▶ Goal of the exercise: Copy each of the entries below faithfully, setting aside any pictures.

[Items from a dataset]
..............................

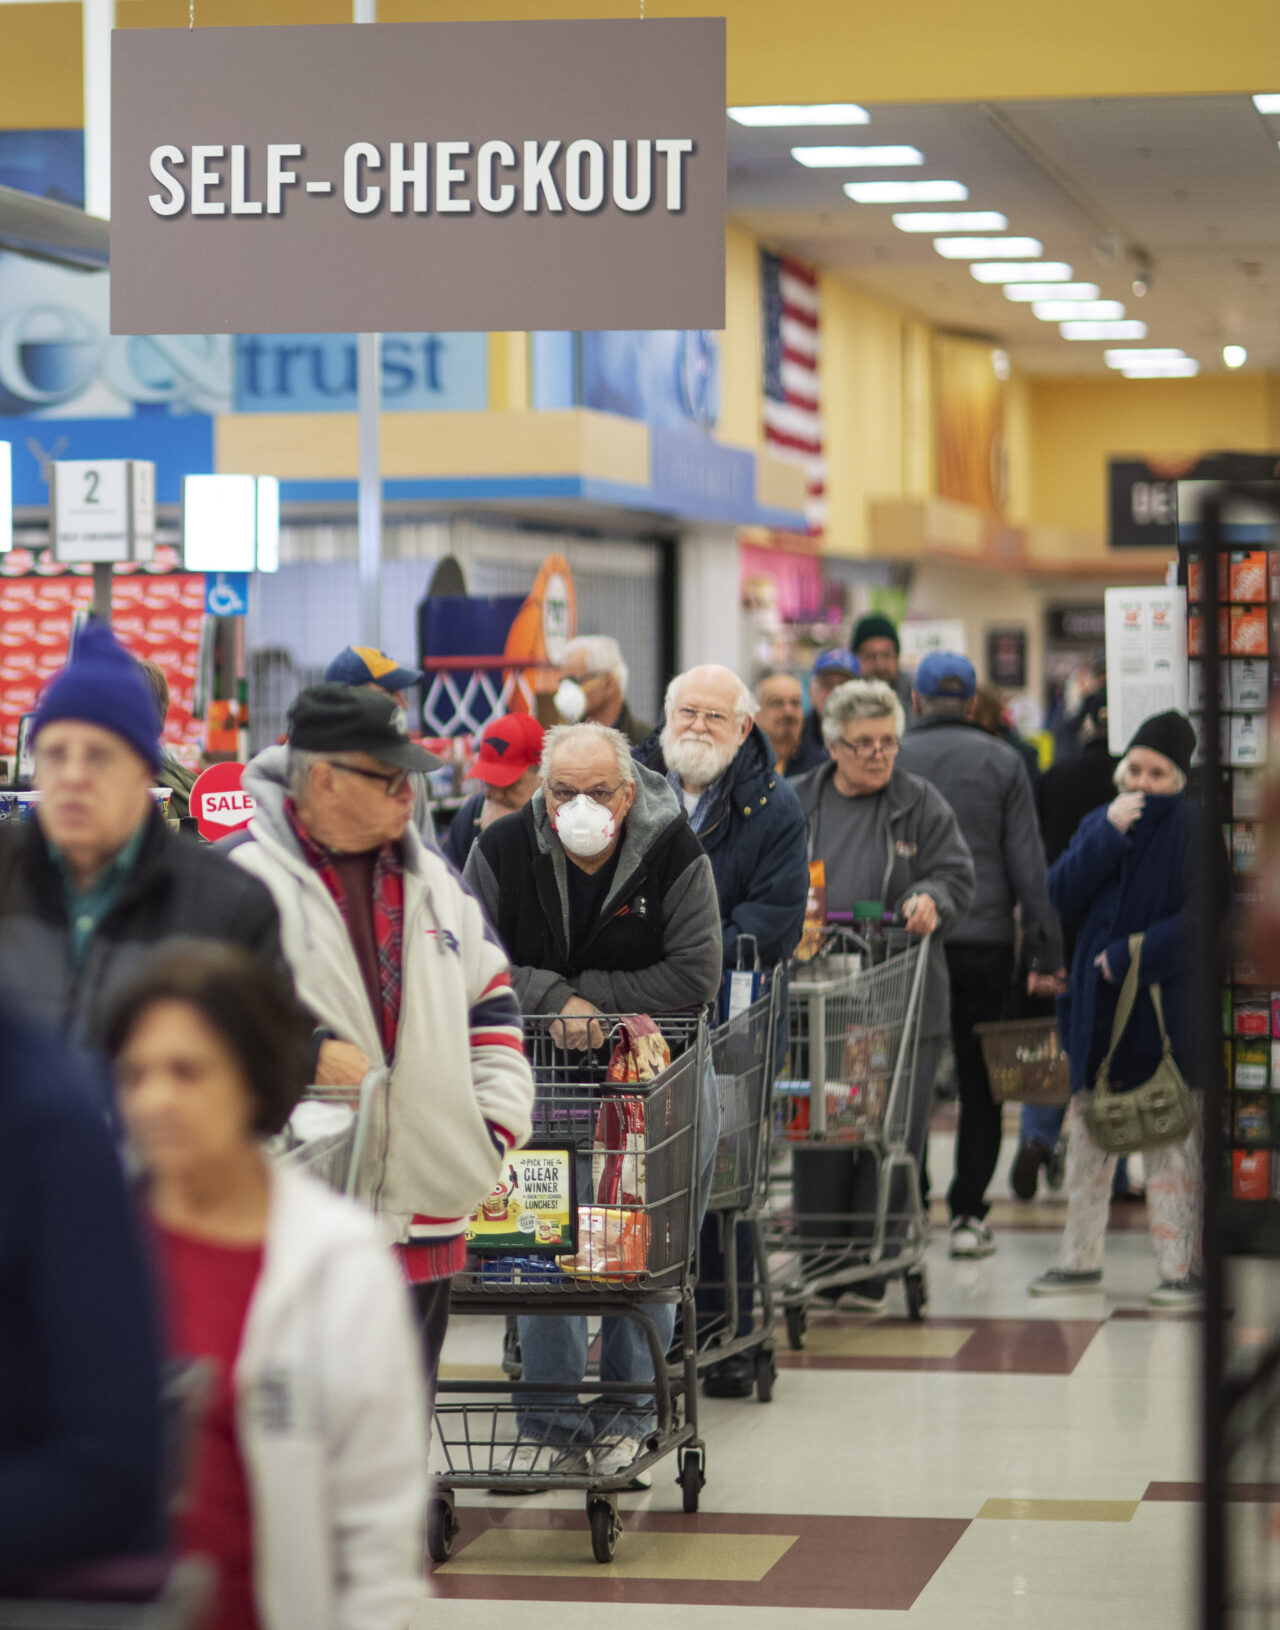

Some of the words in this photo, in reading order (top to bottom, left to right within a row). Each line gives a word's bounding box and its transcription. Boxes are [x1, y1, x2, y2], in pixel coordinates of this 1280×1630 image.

[147, 138, 693, 217] SELF-CHECKOUT
[237, 332, 446, 398] trust
[83, 469, 101, 505] 2
[205, 794, 254, 813] SALE
[526, 1158, 540, 1167] PICK
[543, 1158, 555, 1167] THE
[523, 1167, 559, 1182] CLEAR
[524, 1182, 558, 1193] WINNER
[525, 1200, 558, 1210] LUNCHES!

..............................

▶ Written response:
Some of the words in this photo, in reading order (top to bottom, left to right within a row). Each line gives a word's bounding box and its transcription. Boxes are [x1, y1, x2, y2], in pixel coordinates of this 1280×1630 image.

[147, 138, 693, 217] SELF-CHECKOUT
[237, 332, 446, 398] trust
[83, 469, 101, 505] 2
[205, 794, 254, 813] SALE
[526, 1158, 540, 1167] PICK
[543, 1158, 555, 1167] THE
[523, 1167, 559, 1182] CLEAR
[524, 1182, 558, 1193] WINNER
[525, 1200, 558, 1210] LUNCHES!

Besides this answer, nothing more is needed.